Элла Суон наклонилась вперед на своем сиденье.

— Это Папаша Фейз, — прошептала она.

Взгромоздившись на сиденье «кадиллака», Папаша Фейз раздавал благословения толпе. Он улыбался, его лицо, черное как ночь, блестело от пота. Он широко разводил руки — с полдюжины бриллиантовых колец сверкали при этом, а его блестящий складной цилиндр и бриллиантовая булавка в галстуке отбрасывали на толпу красивые вспышки. Толпа издала вздох, глубокий и уважительный — «а-а-а-а-ах», — и дождь бумажных и серебряных долларов, монет в десять и двадцать пять центов, посыпался на Папашу Фейза, на его машину и на землю. Заиграл оркестр — грохоча, ликуя, загудел большой барабан.

«Радуюсь я!» — пела толпа.

Бух.

«Мой Спаситель!»

«Радуюсь я!»

«Я радуюсь!»

Бух.

— Эти негры, — заметил мистер Каспер, — собрались на что-то вроде бдения или чего-то еще. Придется нам ехать в объезд по той дороге.

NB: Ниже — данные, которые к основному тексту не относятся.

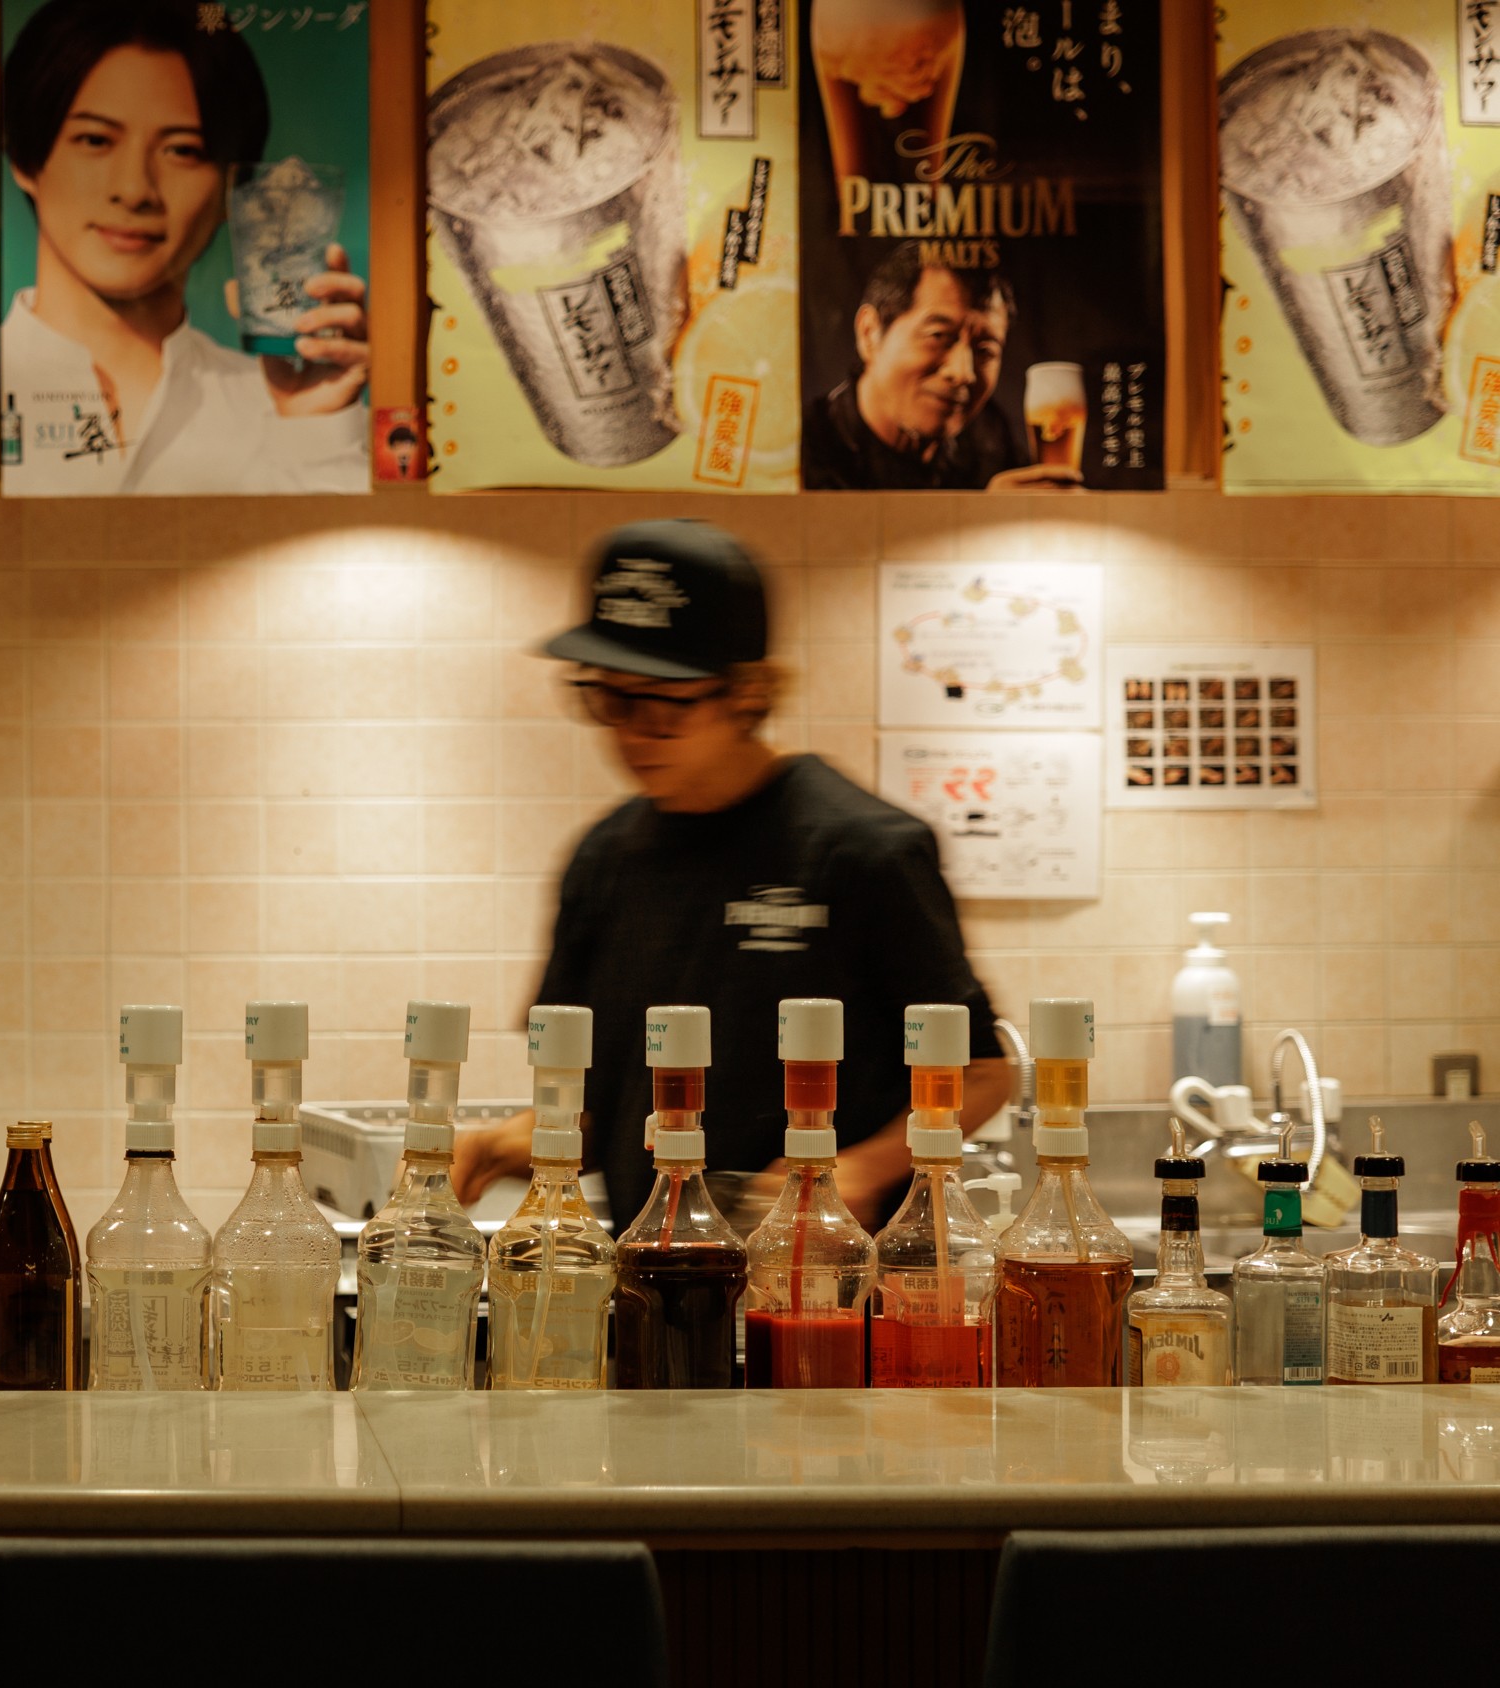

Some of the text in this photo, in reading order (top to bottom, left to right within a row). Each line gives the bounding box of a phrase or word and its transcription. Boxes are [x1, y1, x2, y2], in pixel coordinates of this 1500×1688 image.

[894, 129, 1015, 182] The
[837, 174, 1077, 238] PREMIUM
[918, 238, 1000, 269] MALT'S

Катафалк и лимузин съехали в сторону болота, запрыгали по ухабистой гаревой дороге. Негры были теперь над ними — в своей экзальтации они не обращали на них внимания, их одежды развевались, черные руки вздымались к небу, и Элла, глядя на них, повернулась, подняла, чтобы помахать, руку и бесконечно мечтательно произнесла:

— Привет, Папаша!

Лимузин страшновато подпрыгивал.

— О Господи, — произнесла Долли, — куда же мы едем?

«В самом деле — куда? — подумал Лофтис. — Неужели она вечно должна задавать такие вопросы?»

Над ними высилась пивоварня, ее кирпичные остроконечные верхушки и зубчатые стены разваливались, крошились. Парапеты были обвиты ползучими растениями и виргинским плющом и жимолостью. Лофтис посмотрел вверх. Теперь в погожие субботние дни, когда влажно пахнет алтеем и одуванчиками, а солнце освещает рассыпающиеся кирпичи, маленькие мальчишки бросают камни, разбивая оставшиеся после стольких лет окна, и поднимают страшный крик в обезлюдевших залах, где гуляет эхо.

— Куда же мы едем?

«В самом деле — куда? Мы едем хоронить мою дочь, которую я так любил».

Бензобаки выросли до гигантских размеров, поющие негры исчезли за этим надменным, покрытым ржавчиной литьем. Негры снова появятся. Бензобаки были старые — одному Богу известно, до какой степени. Здесь росли ядовитые сорняки и бросовые цветы — белые, голубые и розовые; в образовавшихся в ржавчине трещинах и клубках старого железа вдруг появлялась ящерица и, пьяно щурясь, смотрела на жаркое солнце. Лофтис поглядел вверх. Бензобаки, привезенные с прекрасных виргинских берегов, стояли здесь, на болоте среди травы, старые, как время, глядя на море.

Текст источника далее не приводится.